* _THE DATA_:

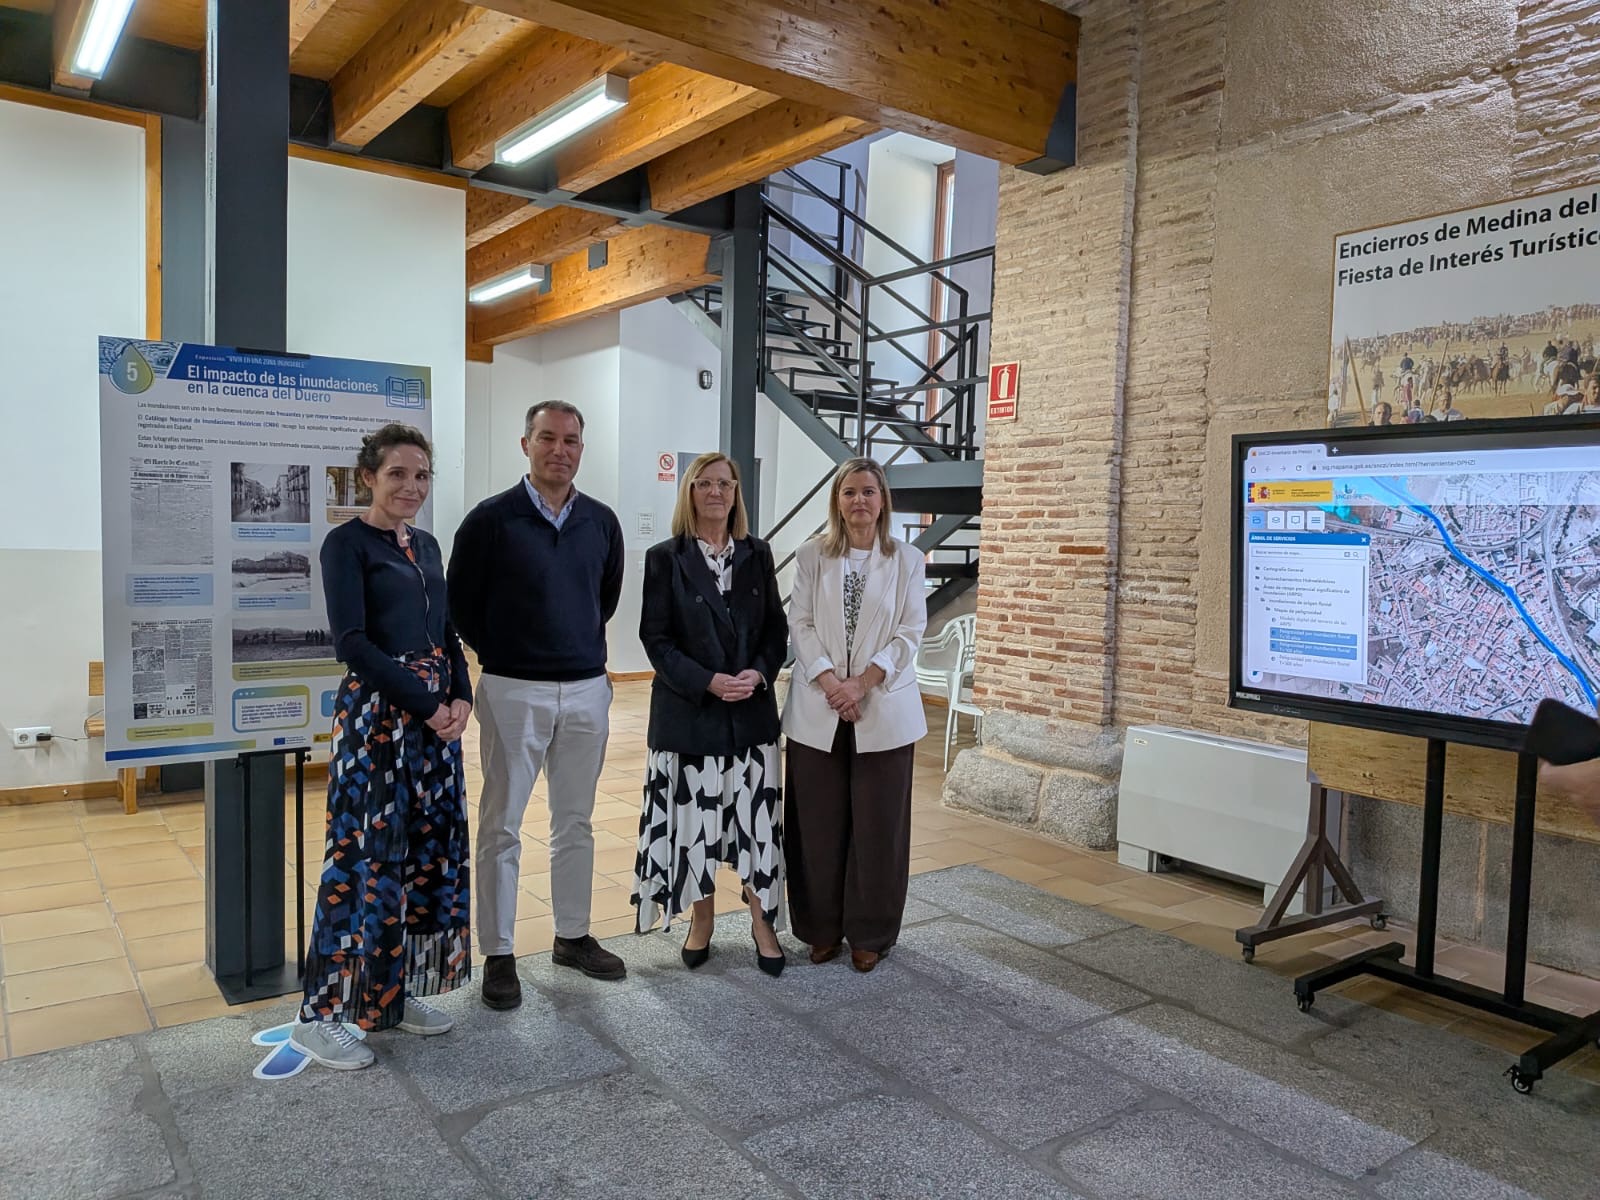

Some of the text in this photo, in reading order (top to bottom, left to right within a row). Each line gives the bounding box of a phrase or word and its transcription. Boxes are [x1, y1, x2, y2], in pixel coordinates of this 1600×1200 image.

[1339, 192, 1598, 260] Encierros de Medina del
[1338, 226, 1600, 287] Fiesta de Interés Turístic
[127, 361, 138, 382] 5
[187, 364, 379, 393] El impacto de las inundaciones
[188, 381, 331, 403] en la cuenca del Duero
[167, 708, 196, 716] LIBRO
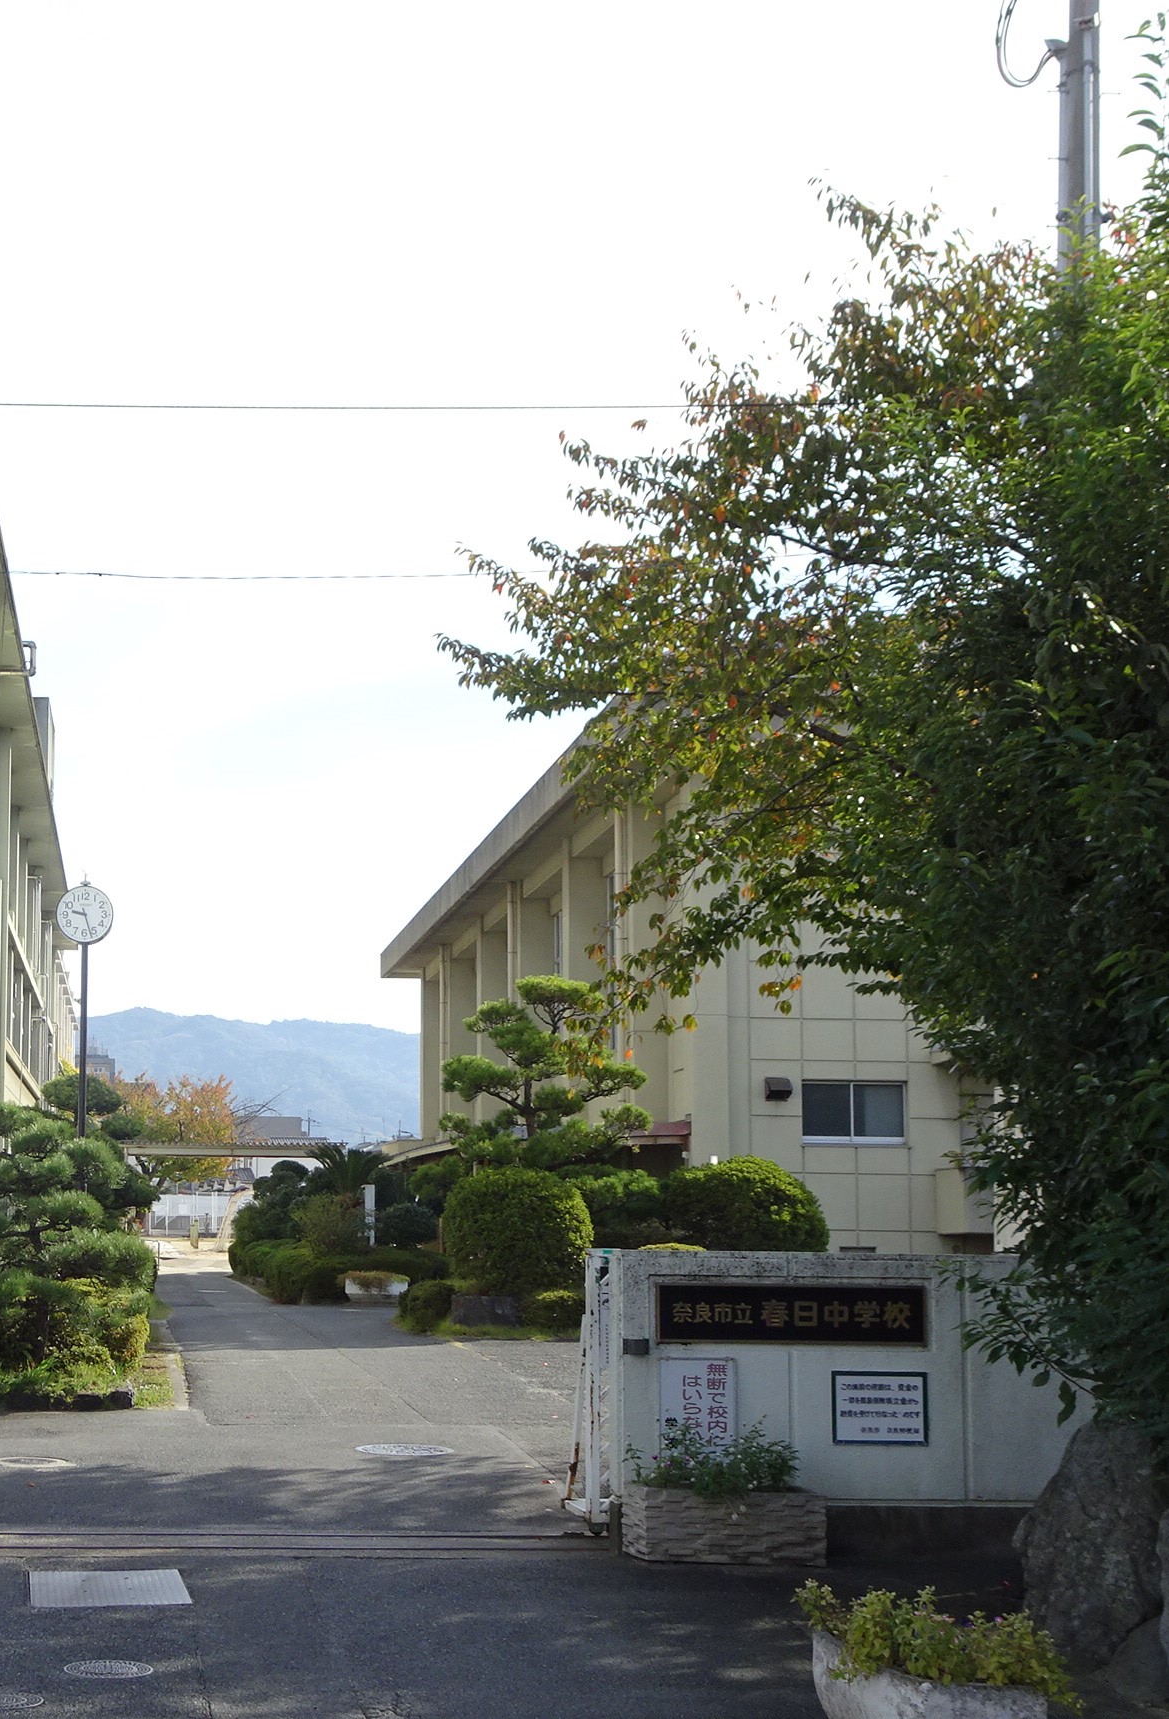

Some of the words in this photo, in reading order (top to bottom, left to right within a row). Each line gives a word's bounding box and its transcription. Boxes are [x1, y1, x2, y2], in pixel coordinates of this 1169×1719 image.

[81, 891, 90, 901] 12
[98, 900, 105, 909] 2
[62, 910, 69, 919] 9
[101, 910, 108, 919] 3
[65, 919, 72, 928] 8
[98, 919, 104, 928] 4
[73, 926, 79, 935] 7
[81, 928, 88, 937] 6
[91, 926, 97, 935] 5
[672, 1301, 754, 1325] 奈良市立
[760, 1299, 912, 1329] 春日中学校

* _WORK TO BE COMPLETED_: Could you return the listing above exactly, minus its pictures?

* _TASK RESULT_:
Some of the text in this photo, in reading order (top to bottom, left to right within a row). Each line gives the bounding box of a phrase or word and its transcription. Boxes are [x1, y1, x2, y2], in pixel coordinates of this 1600×1200 image.

[1339, 192, 1598, 260] Encierros de Medina del
[1338, 226, 1600, 287] Fiesta de Interés Turístic
[127, 361, 138, 382] 5
[187, 364, 379, 393] El impacto de las inundaciones
[188, 381, 331, 403] en la cuenca del Duero
[167, 708, 196, 716] LIBRO

Some of the words in this photo, in reading order (top to bottom, left to right within a row). Each line gives a word's bounding box and its transcription. Boxes are [x1, y1, x2, y2], in pixel coordinates of this 1169×1719 image.

[81, 891, 90, 901] 12
[98, 900, 105, 909] 2
[62, 910, 69, 919] 9
[101, 910, 108, 919] 3
[65, 919, 72, 928] 8
[98, 919, 104, 928] 4
[73, 926, 79, 935] 7
[81, 928, 88, 937] 6
[91, 926, 97, 935] 5
[672, 1301, 754, 1325] 奈良市立
[760, 1299, 912, 1329] 春日中学校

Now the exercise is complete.